Soares delves into the complexities of citizenship and guardianship laws, illustrating how these frameworks were manipulated to legitimize child separation and perpetuate colonial hierarchies. Orphanhood emerges as a key category in these separations—a racialized concept used to justify the kidnapping of children who had living and capable parents. Through a compelling case study of the 1877 abduction of sisters Angela and Benedicta, the article highlights the resilience of Indigenous families who navigated and contested these oppressive systems. The work traces how relational power, exercised through networks of paternalism and patrimonialism, enabled the profitable circulation of Indigenous children as domestic laborers in the households of Manaus’s elite.
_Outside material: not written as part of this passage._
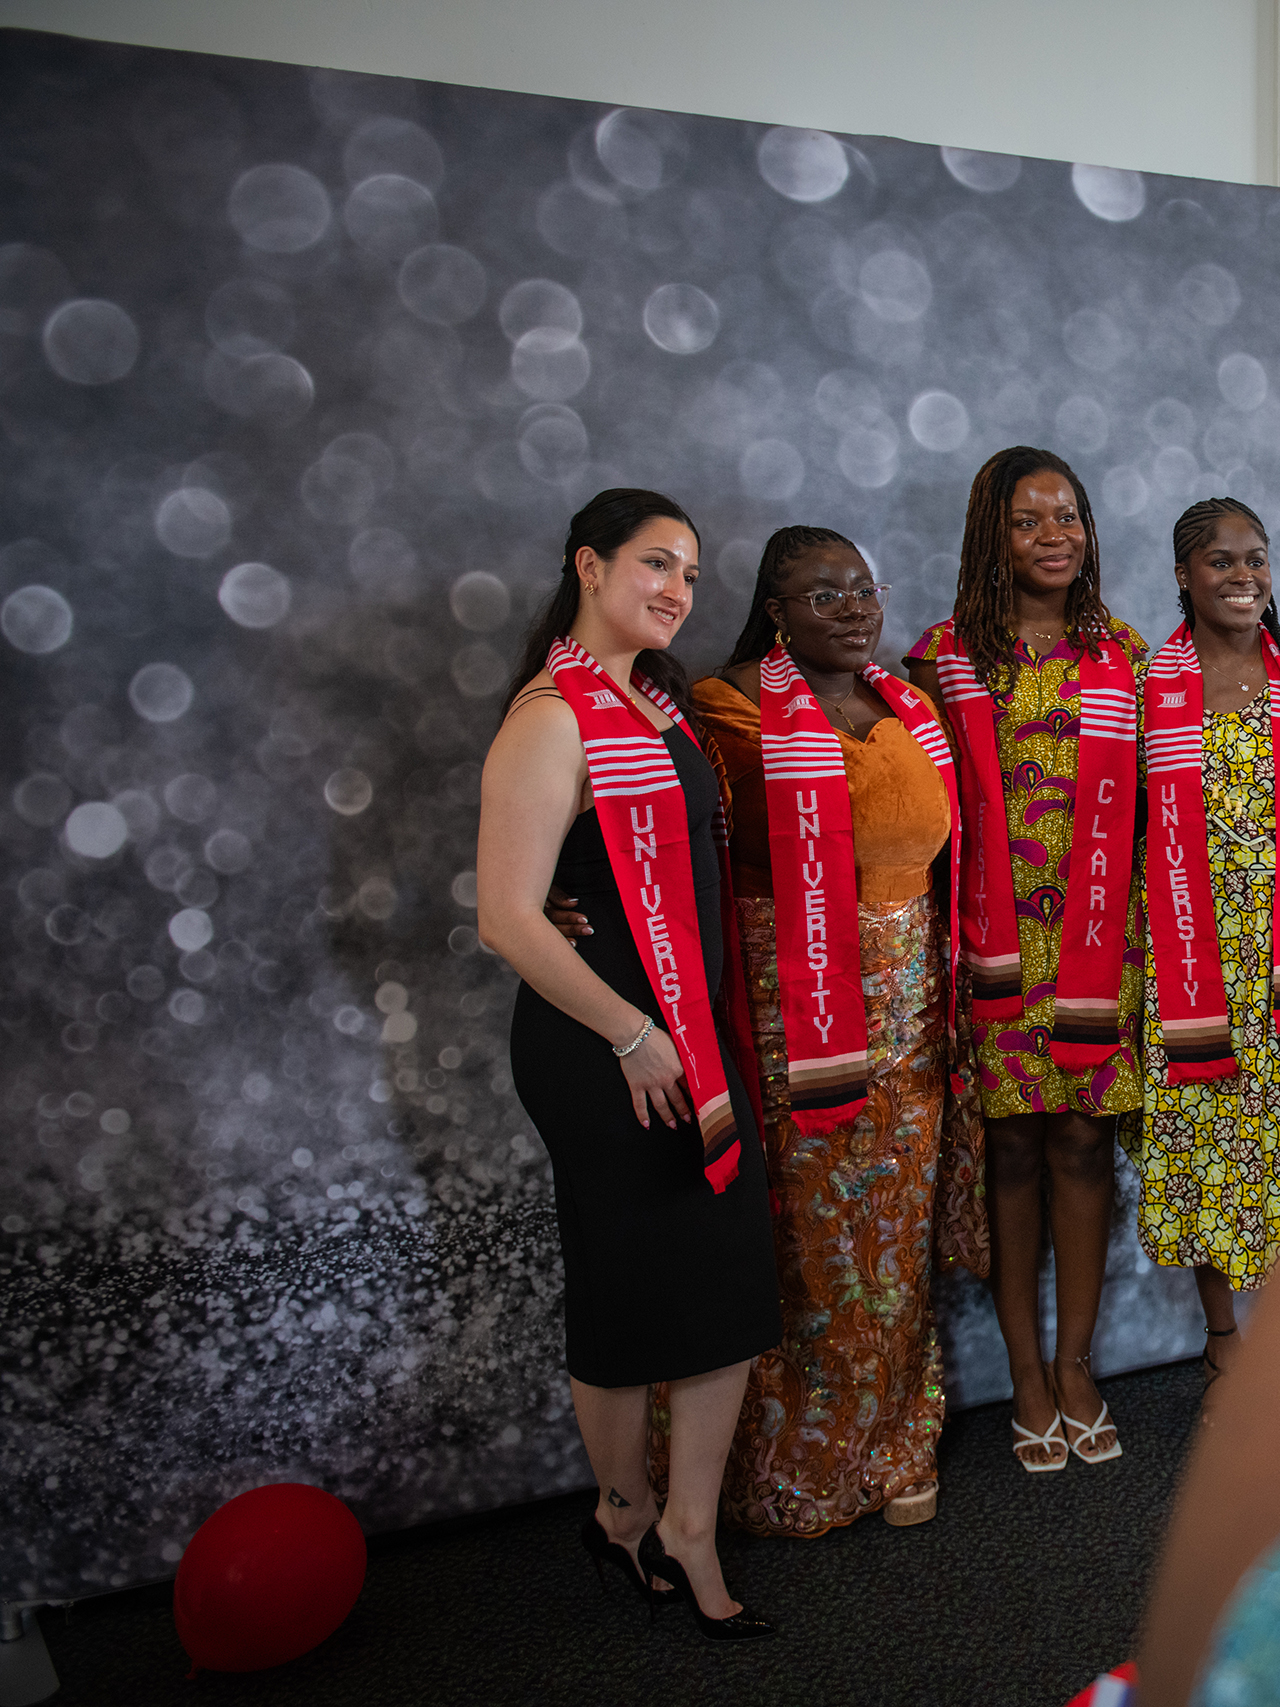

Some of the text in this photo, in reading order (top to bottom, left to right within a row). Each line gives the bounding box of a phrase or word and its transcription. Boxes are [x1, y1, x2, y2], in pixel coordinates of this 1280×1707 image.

[796, 789, 833, 1044] UNIVERSITY
[1085, 778, 1115, 947] CLARK
[1160, 783, 1198, 1007] UNIVERSITY
The narrative underscores the enduring legacy of these practices, linking historical injustices to contemporary issues of structural racism and labor exploitation in Brazil.

Soares’ scholarship offers a nuanced perspective that challenges prevailing narratives and calls for a reevaluation of historical and contemporary policies affecting Indigenous communities. This work stands out for its transdisciplinary approach, weaving together legal analysis, historical context, and social critique to shed light on a neglected facet of Brazil’s past. By framing these child separations within the broader discourse of “stolen generations,” Soares not only contributes to Latin American historiography but also engages with global conversations on colonialism and Indigenous rights.​

Find Morais Soares’ article here

Ana Luiza Morais Soares is an Assistant Professor of Indigenous Histories and Cultures at Universidade Federal de Ouro Preto, Brazil. She is a historical anthropologist with a PhD in Anthropology from University of Illinois at Chicago. Her research focuses on the history of Indigenous child separation and labor exploitation in the Brazilian Amazon, practices which played a significant role in ethnic identity erasure. She connects this history with how today’s Brazilian Indigenous communities are harnessing social media to counteract and reverse this erasure, reclaiming their identities in our digital age.